◆ Work task: Transcribe all the entries word for word, but omit the images.

*** Opening Records supplied ***

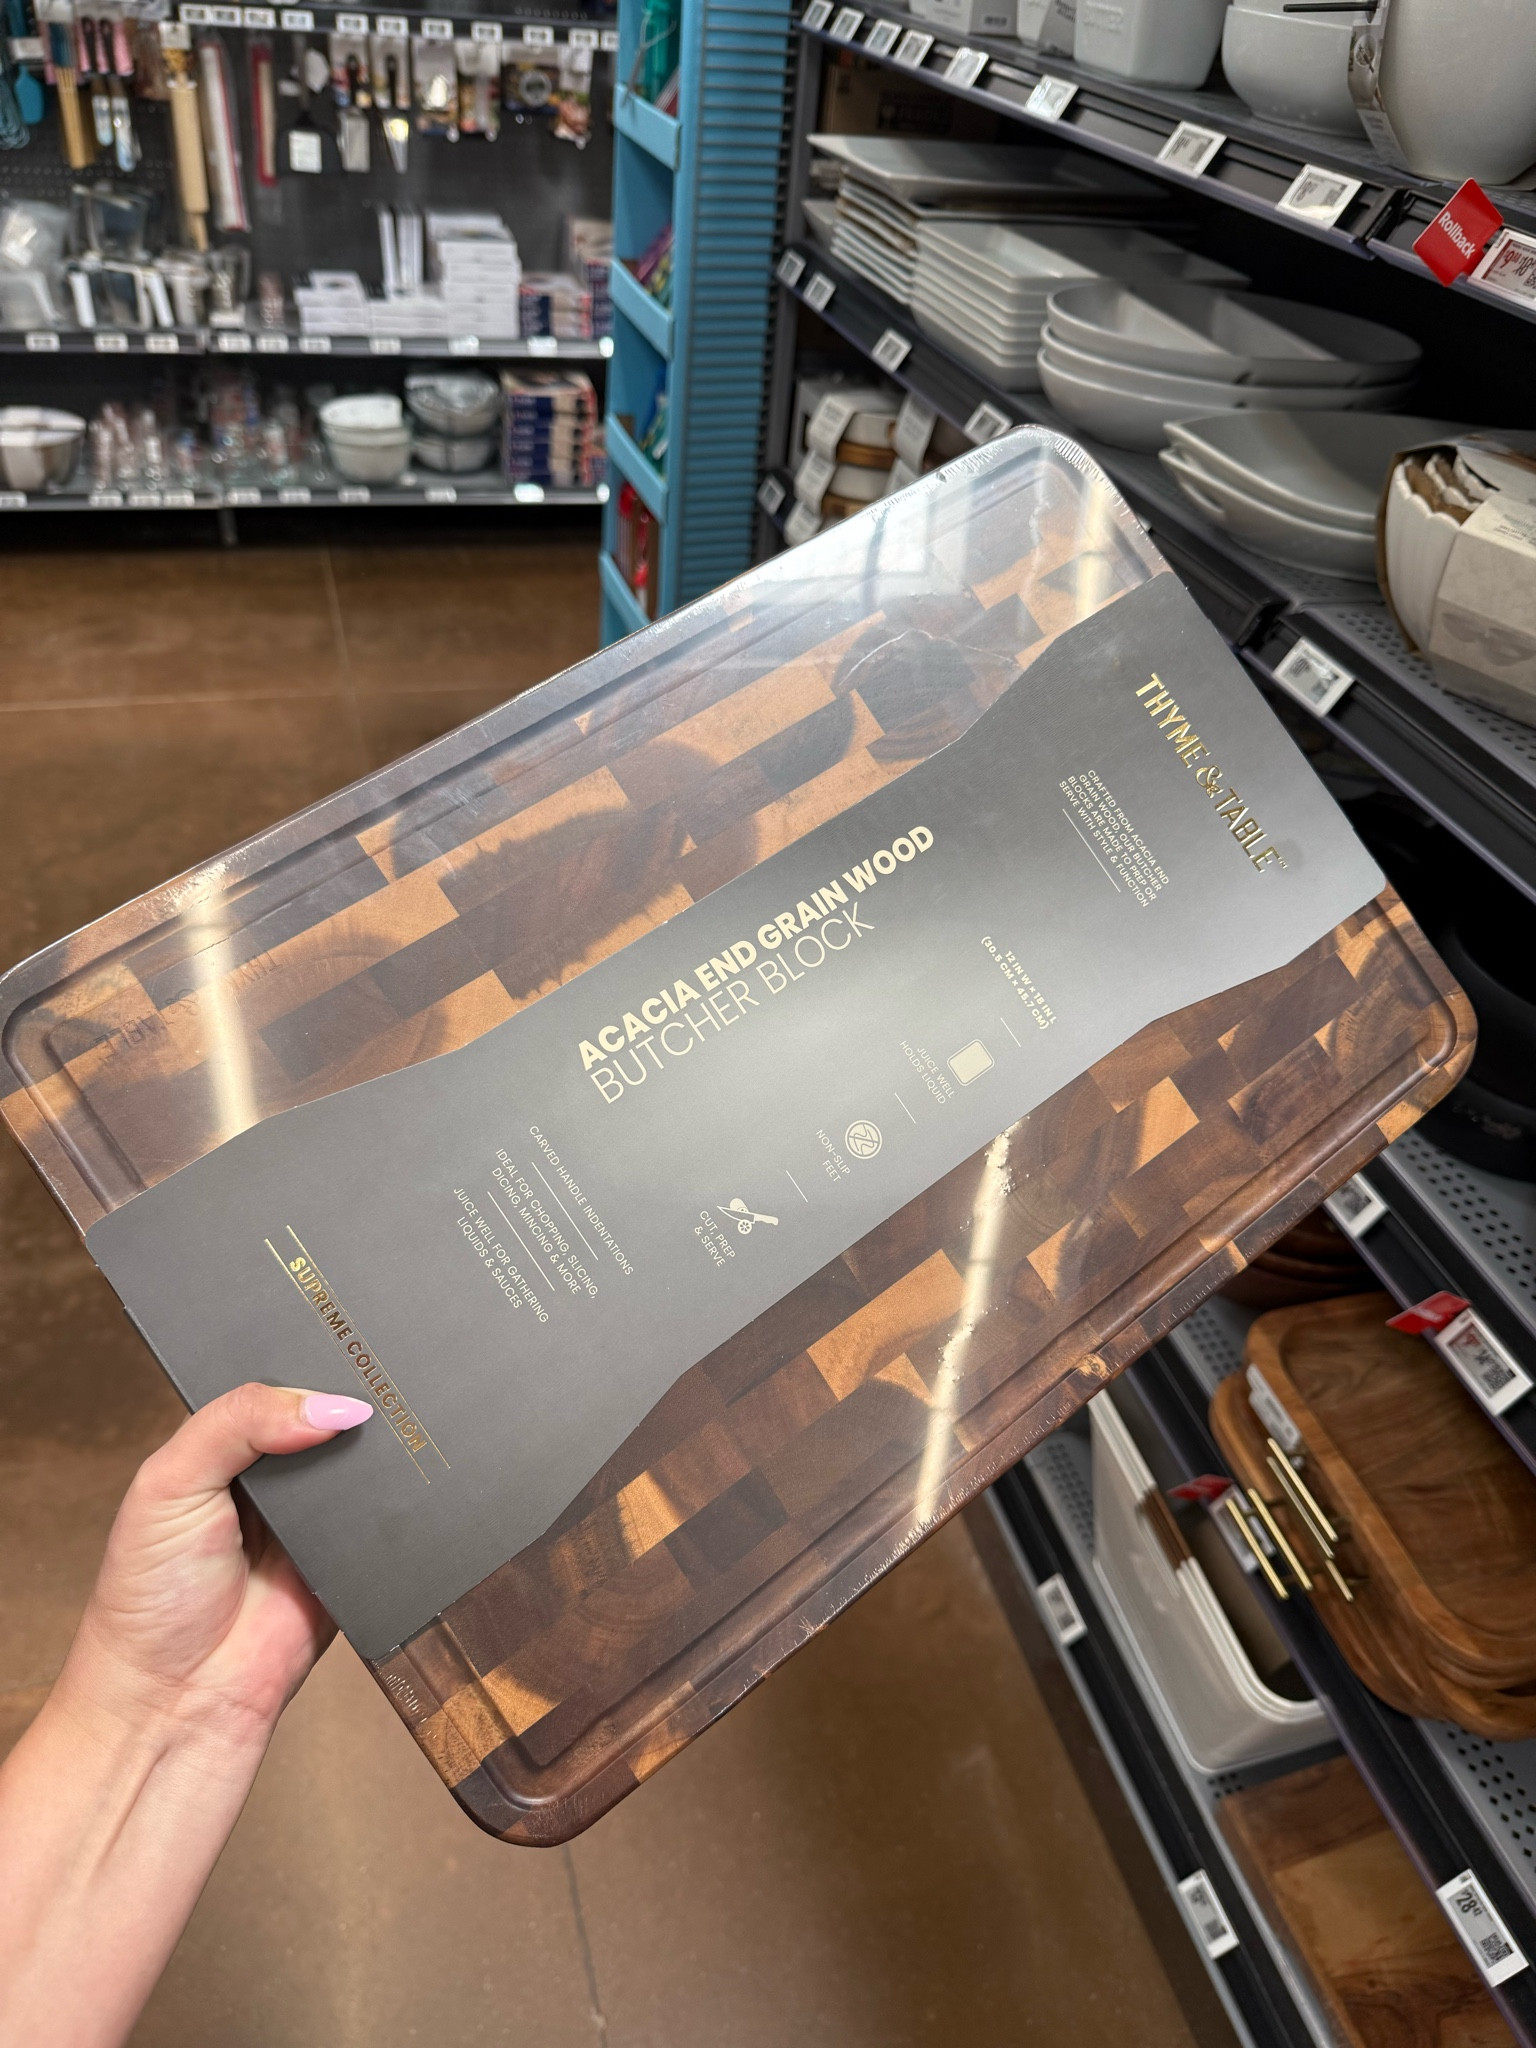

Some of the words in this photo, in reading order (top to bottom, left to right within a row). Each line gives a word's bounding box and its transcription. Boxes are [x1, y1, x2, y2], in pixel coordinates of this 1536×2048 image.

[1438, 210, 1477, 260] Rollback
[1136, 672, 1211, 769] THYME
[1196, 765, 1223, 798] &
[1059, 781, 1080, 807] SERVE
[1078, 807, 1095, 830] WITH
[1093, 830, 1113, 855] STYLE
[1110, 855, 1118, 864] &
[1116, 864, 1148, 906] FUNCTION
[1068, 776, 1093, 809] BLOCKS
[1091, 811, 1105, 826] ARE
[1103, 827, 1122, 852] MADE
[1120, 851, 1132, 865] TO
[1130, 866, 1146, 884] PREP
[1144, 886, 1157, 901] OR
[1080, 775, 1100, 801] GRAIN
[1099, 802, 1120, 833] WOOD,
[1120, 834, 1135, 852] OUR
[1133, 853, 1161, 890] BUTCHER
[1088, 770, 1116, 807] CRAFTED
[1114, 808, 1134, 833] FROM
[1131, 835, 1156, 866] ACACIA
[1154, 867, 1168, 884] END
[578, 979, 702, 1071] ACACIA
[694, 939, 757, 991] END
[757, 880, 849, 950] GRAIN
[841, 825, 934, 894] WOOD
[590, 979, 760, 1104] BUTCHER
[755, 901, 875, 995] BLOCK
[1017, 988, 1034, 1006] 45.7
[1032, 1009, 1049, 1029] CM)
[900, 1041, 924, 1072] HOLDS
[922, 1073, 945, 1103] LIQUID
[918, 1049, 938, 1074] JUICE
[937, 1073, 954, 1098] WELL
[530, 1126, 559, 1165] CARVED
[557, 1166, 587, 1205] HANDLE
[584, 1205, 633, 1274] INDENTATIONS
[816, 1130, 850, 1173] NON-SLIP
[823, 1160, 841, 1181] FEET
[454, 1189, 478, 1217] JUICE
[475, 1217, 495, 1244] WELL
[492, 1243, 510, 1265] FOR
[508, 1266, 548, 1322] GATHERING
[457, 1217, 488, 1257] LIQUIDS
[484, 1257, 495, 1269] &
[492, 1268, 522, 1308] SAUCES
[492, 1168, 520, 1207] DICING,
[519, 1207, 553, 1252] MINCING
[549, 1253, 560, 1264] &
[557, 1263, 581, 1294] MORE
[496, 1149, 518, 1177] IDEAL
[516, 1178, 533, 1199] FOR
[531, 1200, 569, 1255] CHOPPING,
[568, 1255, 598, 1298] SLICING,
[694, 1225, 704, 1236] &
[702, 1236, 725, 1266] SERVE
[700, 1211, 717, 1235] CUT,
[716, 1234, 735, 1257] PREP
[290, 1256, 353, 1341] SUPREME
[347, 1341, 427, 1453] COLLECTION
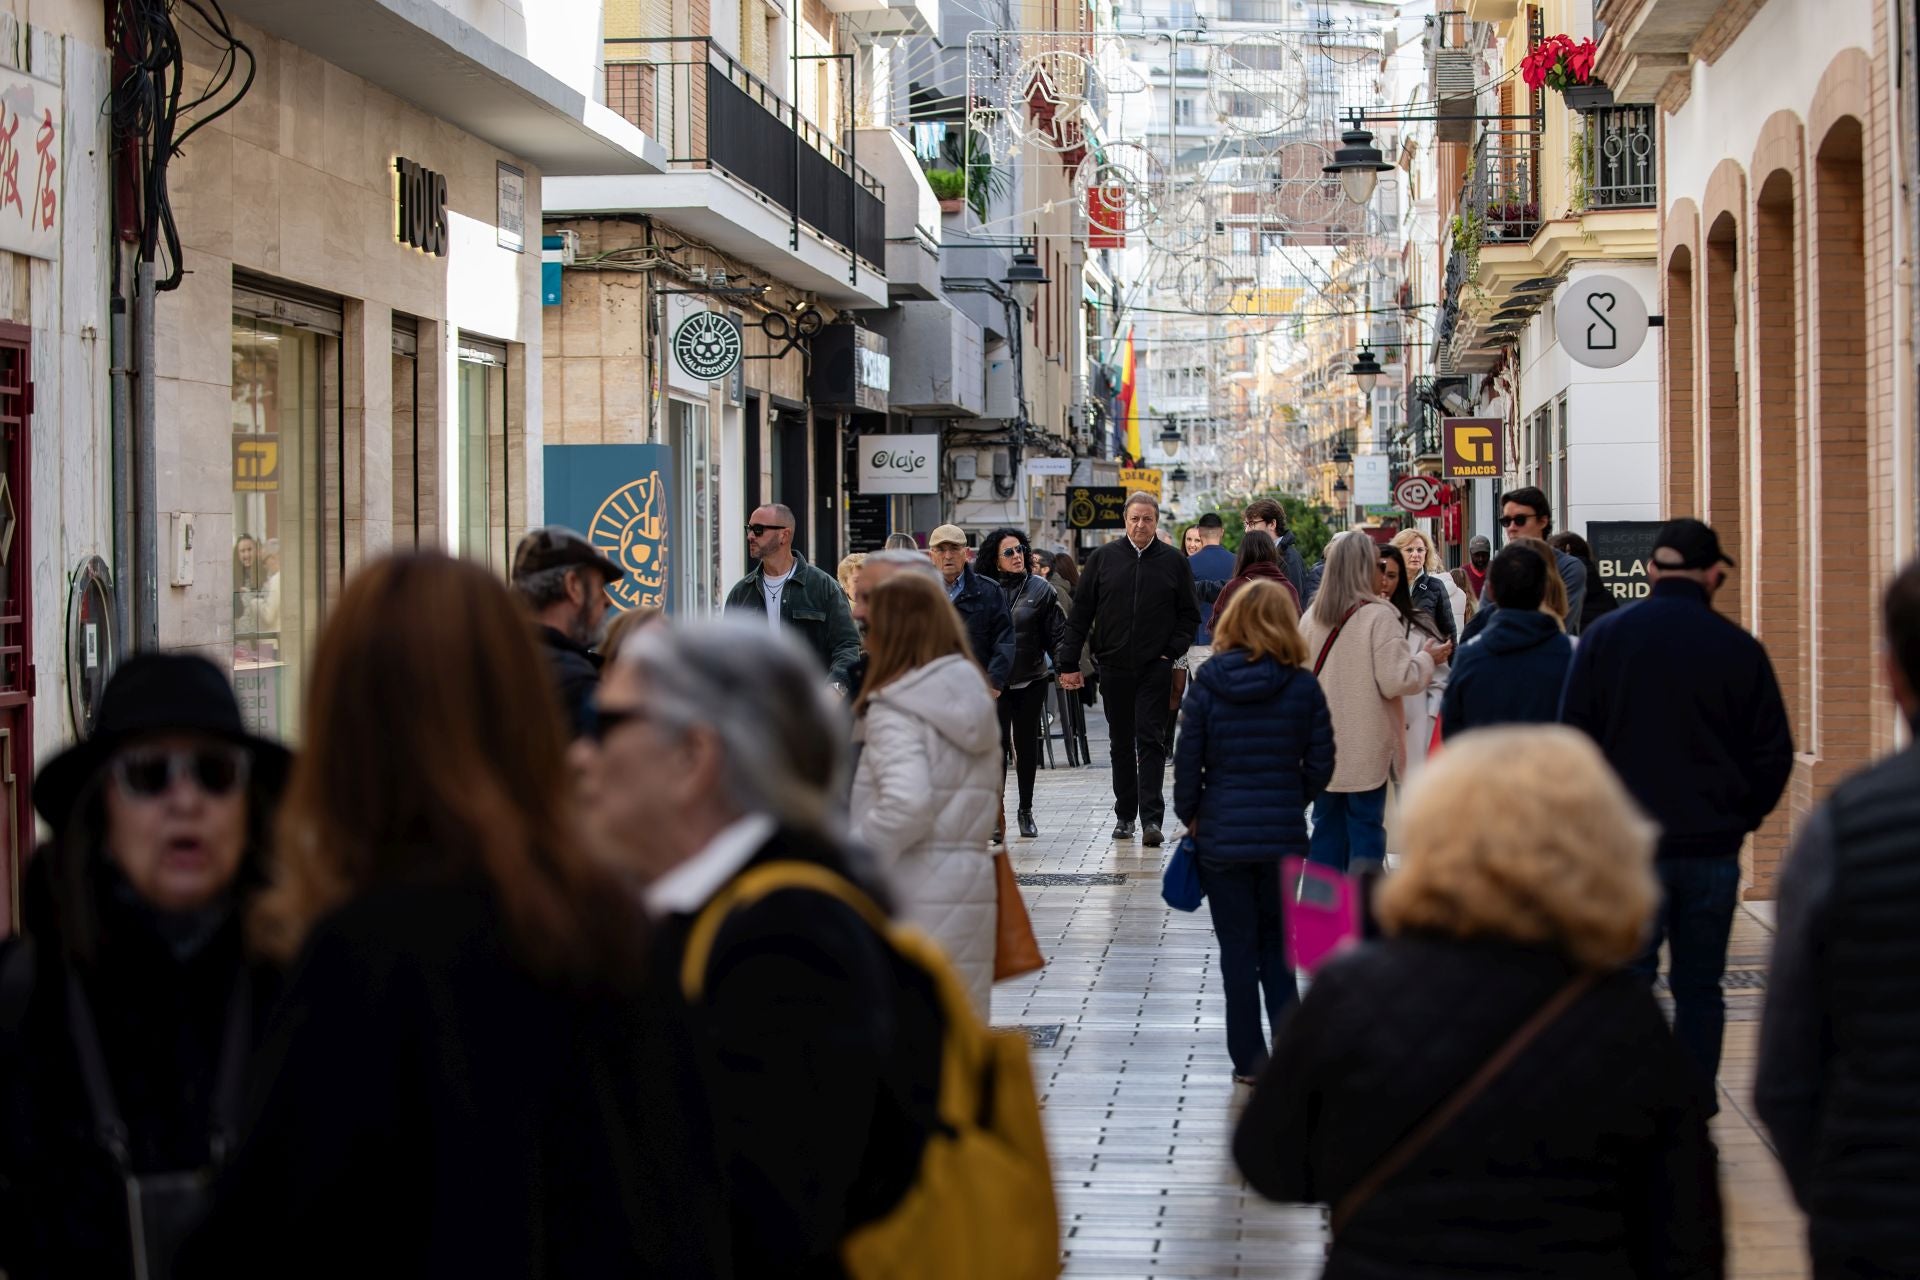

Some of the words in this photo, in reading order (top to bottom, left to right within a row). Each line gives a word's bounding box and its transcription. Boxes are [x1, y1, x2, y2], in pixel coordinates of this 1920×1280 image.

*** Closing Records supplied ***

◆ Exercise output:
Some of the words in this photo, in reading order (top to bottom, left to right within a row). Each line gives a word's bounding box and its transcription. Boxes are [x1, y1, x2, y2], in pixel coordinates of this 1536×2048 image.

[1438, 210, 1477, 260] Rollback
[1136, 672, 1211, 769] THYME
[1196, 765, 1223, 798] &
[1059, 781, 1080, 807] SERVE
[1078, 807, 1095, 830] WITH
[1093, 830, 1113, 855] STYLE
[1110, 855, 1118, 864] &
[1116, 864, 1148, 906] FUNCTION
[1068, 776, 1093, 809] BLOCKS
[1091, 811, 1105, 826] ARE
[1103, 827, 1122, 852] MADE
[1120, 851, 1132, 865] TO
[1130, 866, 1146, 884] PREP
[1144, 886, 1157, 901] OR
[1080, 775, 1100, 801] GRAIN
[1099, 802, 1120, 833] WOOD,
[1120, 834, 1135, 852] OUR
[1133, 853, 1161, 890] BUTCHER
[1088, 770, 1116, 807] CRAFTED
[1114, 808, 1134, 833] FROM
[1131, 835, 1156, 866] ACACIA
[1154, 867, 1168, 884] END
[578, 979, 702, 1071] ACACIA
[694, 939, 757, 991] END
[757, 880, 849, 950] GRAIN
[841, 825, 934, 894] WOOD
[590, 979, 760, 1104] BUTCHER
[755, 901, 875, 995] BLOCK
[1017, 988, 1034, 1006] 45.7
[1032, 1009, 1049, 1029] CM)
[900, 1041, 924, 1072] HOLDS
[922, 1073, 945, 1103] LIQUID
[918, 1049, 938, 1074] JUICE
[937, 1073, 954, 1098] WELL
[530, 1126, 559, 1165] CARVED
[557, 1166, 587, 1205] HANDLE
[584, 1205, 633, 1274] INDENTATIONS
[816, 1130, 850, 1173] NON-SLIP
[823, 1160, 841, 1181] FEET
[454, 1189, 478, 1217] JUICE
[475, 1217, 495, 1244] WELL
[492, 1243, 510, 1265] FOR
[508, 1266, 548, 1322] GATHERING
[457, 1217, 488, 1257] LIQUIDS
[484, 1257, 495, 1269] &
[492, 1268, 522, 1308] SAUCES
[492, 1168, 520, 1207] DICING,
[519, 1207, 553, 1252] MINCING
[549, 1253, 560, 1264] &
[557, 1263, 581, 1294] MORE
[496, 1149, 518, 1177] IDEAL
[516, 1178, 533, 1199] FOR
[531, 1200, 569, 1255] CHOPPING,
[568, 1255, 598, 1298] SLICING,
[694, 1225, 704, 1236] &
[702, 1236, 725, 1266] SERVE
[700, 1211, 717, 1235] CUT,
[716, 1234, 735, 1257] PREP
[290, 1256, 353, 1341] SUPREME
[347, 1341, 427, 1453] COLLECTION

Some of the words in this photo, in reading order (top to bottom, left to right within a row). Each line gives a word's bounding box and its transcription. Boxes are [x1, y1, x2, y2], in pixel coordinates of this 1920×1280 image.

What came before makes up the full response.